He looked a bit gratified at the address, and dashed off his cap to make a sort of bow (complete with heel-click, I was half-embarrassed to see). “Mr. Greenwing.”
He paused. Violet was looking mystified but polite. I wondered what he wanted, but also knew he did not respond well to prodding—he’d been an old soldier before the Fall, and in the Interim had been muddled a bit by the magic, and now tended to wildly elliptical pronouncements. His friend Garsom treated him as something like a prophet, calling out ‘Hear ye! Hear ye!’ whenever Pinger had something to say.
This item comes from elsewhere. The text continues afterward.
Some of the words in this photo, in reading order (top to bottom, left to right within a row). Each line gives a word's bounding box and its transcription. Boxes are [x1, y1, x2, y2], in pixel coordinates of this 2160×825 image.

“Mr. Greenwing,” Pinger said again, and sighed heavily. He looked up at the sky, scratched his nose, looked at Violet with an intense and somewhat accusatory stare, scratched his ear—his tics always made me start to feel horribly itchy—and finally he said, “Justice Talgarth was asking about you.”
“Really? He’s not back yet, I thought? Who—whom was he asking?”
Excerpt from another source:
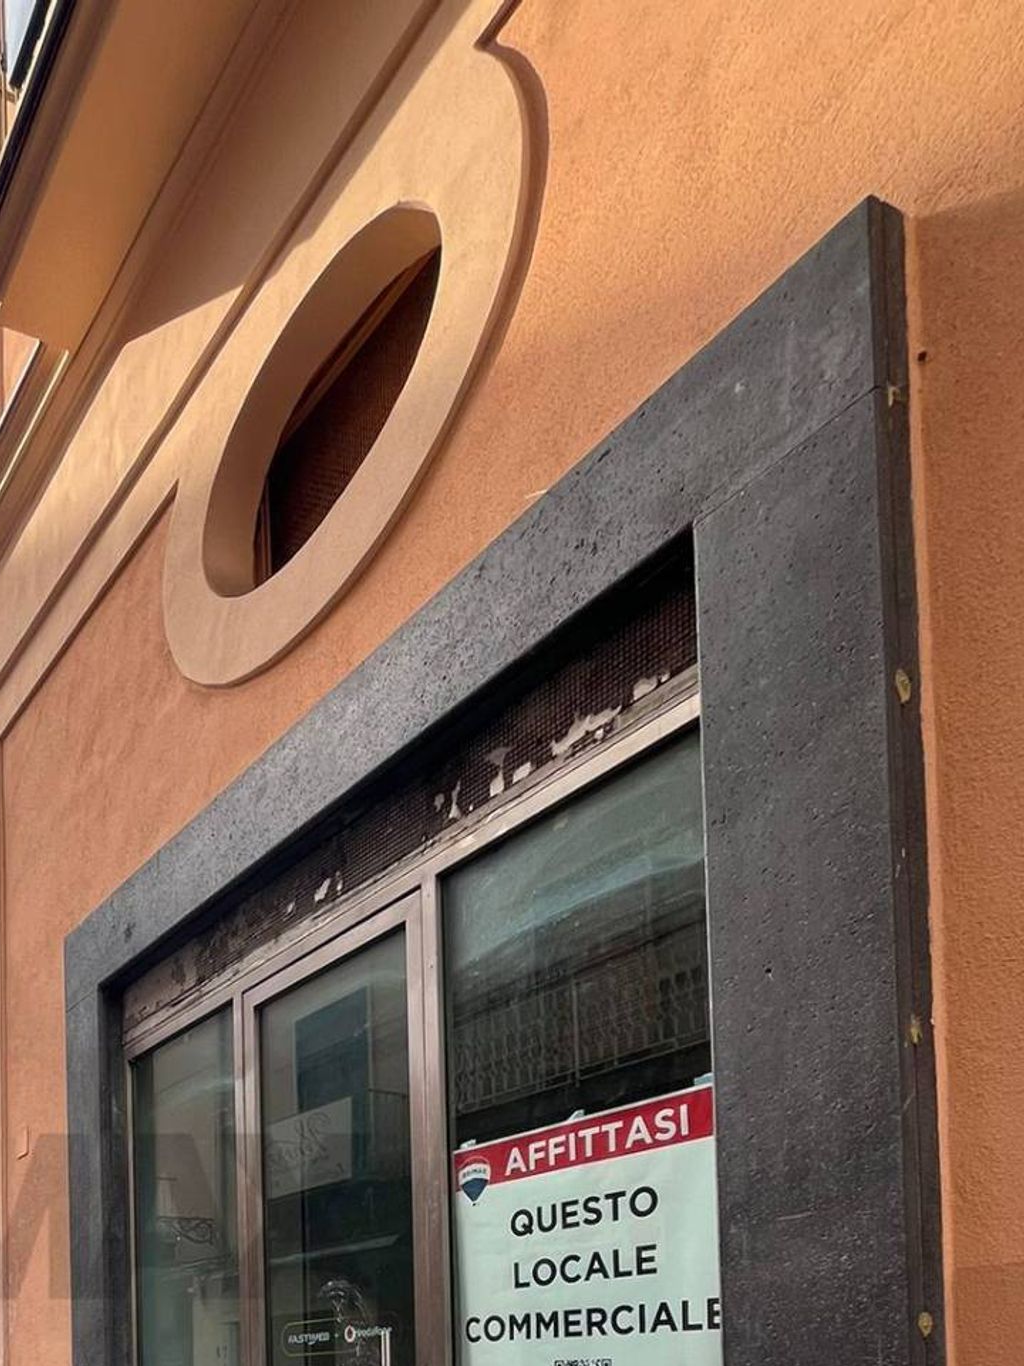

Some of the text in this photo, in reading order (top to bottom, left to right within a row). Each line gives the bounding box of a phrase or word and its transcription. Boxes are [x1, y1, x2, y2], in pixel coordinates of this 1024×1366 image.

[504, 1103, 690, 1176] AFFITTASI
[510, 1186, 659, 1237] QUESTO
[513, 1244, 658, 1289] LOCALE
[466, 1297, 721, 1343] COMMERCIALE
“The Old Gods,” Pinger said ominously, not quite spoiling the effect by tapping his nose meaningfully.
“What a strange man,” Violet murmured as he trundled back across to where Garsom was carefully piling things next to the fountain. I tipped my head back at a waft of fresh air, seeing that the earlier sun had clouded over again. Mrs. Landry cut across the far corner of the square, frowning at the two men and then waving at us before heading towards the hotel. “Does everyone know you in town?”
I opened the door to Elderflower Books for her. “What do you mean?”
“Just that everyone seems to know you by name.”
Mr. Dart looked up from where he was sitting at the table, examining his stone arm. “Oh, everyone knows our Mr. Greenwing. His family affairs were the most exciting thing to happen in Ragnor Bella before this confounded stargazy pie.”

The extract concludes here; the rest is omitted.